Et si je vous parlais d’un des monuments de ma région ? Si je me transformais en guide touristique patenté ? Aujourd’hui, il y a des experts sur tout. Des qui du haut de leur science affirment des choses avec certitude, d’autres qui s’échinent à détruire les idées reçues trop bien établies, sur les terroirs, par exemple, ou sur les vins sans soufre, comme sur les levures indigènes. Parmi ces éternels sujets de prédilection, le prix du vin revient souvent sur le tapis. Çà et là on se plaint des abusives marges dans la restauration française, on invoque en modèles les prix beaucoup plus normaux pratiqués en Espagne, par exemple, ou en Italie, on nous invite même à découvrir la légendaire gentillesse des serveuses américaines… Mais rien à faire, chez nous on n’en démord pas : pas question de sortir du cadre confortable établi au fil des décennies qui consiste à multiplier au minimum par trois, quand ce n’est pas par cinq, les marges sur un vin de tous les jours, ce qui met la bouteille sur table au prix moyen de 25 € dans une ville moyenne comme Perpignan où il est de surcroît entendu que les vignerons doivent livrer leurs bouteilles, accepter que leurs vins soient servis dans des verres dignes d’une cantine, qui plus est par des ignares à des températures quasi tropicales, quand les braves producteurs ne sont invités par dessus le marché à concéder quelques cols gratuits pour avoir la garantie de continuer à être référencé dans un honorable restaurant ayant pignon sur rue.

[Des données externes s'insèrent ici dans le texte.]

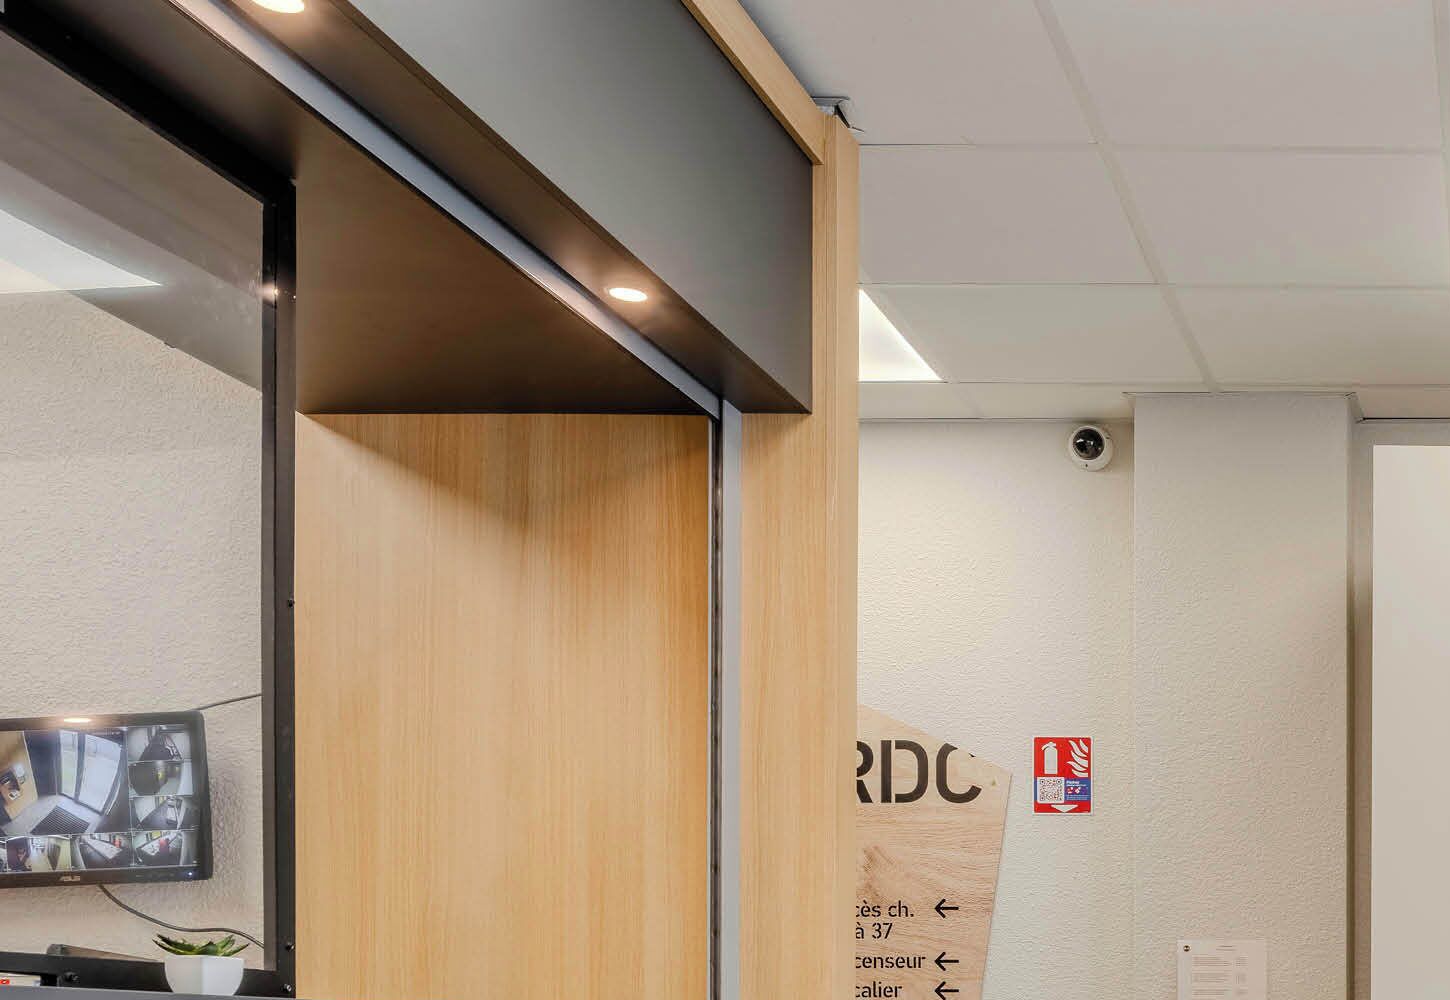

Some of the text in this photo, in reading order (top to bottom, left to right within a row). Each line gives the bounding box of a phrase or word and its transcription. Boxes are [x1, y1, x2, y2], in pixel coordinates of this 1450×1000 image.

[856, 740, 982, 804] RDC
[888, 900, 914, 918] ch.
[872, 922, 893, 939] 37

Louis Privat, un patron de génie? Photo©MichelSmith

Louis Privat, un patron de génie? Photo©MichelSmith

Sauf à Narbonne, digne sous-préfecture de l’Aude, où Louis Privat, un homme du pays au joli nom d’accordéoniste à pris dès le départ le problème à l’envers (ou le taureau par les cornes) en décidant il y a déjà longtemps que, dans son établissement, le vin qu’il soit grand ou modeste serait proposé au consommateur à un prix honnête, le même prix TTC départ que pratiqué au caveau du vigneron et que le dit vigneron serait payé par lui rubis sur l’ongle. Mieux, ce restaurateur bon samaritain qui pourtant ne boit plus une goutte d’alcool a décidé depuis belle lurette (1999) que les vins de son pays valaient largement ceux du Bordelais ou de la Bourgogne et qu’il était de son devoir d’en assurer la promotion en ne vendant que des étiquettes Languedoc ou Roussillon. Un parti pris qui devrait mettre du baume au cœur de la viticulture locale si prompte à rouspéter. Mieux encore : chez Louis Privat, on peut consommer le vin au verre au juste prix, c’est-à-dire au prix du sixième de la bouteille. Et si le client aime le vin qu’il a consommé en bouteille dans son restaurant, il pourra l’emporter au même prix chez lui sous forme d’un carton de six. Toujours mieux : si d’aventure il achète le carton de six au prix propriété qui est aussi celui du restaurant, on lui fera cadeau de la bouteille consommée sur table ! Et bien entendu, comme en Australie ou en Californie, si le client ne termine pas sa bouteille, on la lui met dans un sachet pour qu’il l’emporte chez lui. Pas étonnant que le restaurant de Louis Privat fonctionne à plein. D’autant plus qu’il offre bien d’autres avantages que vous découvrirez sur place, à moins de lire l’article jusqu’au bout.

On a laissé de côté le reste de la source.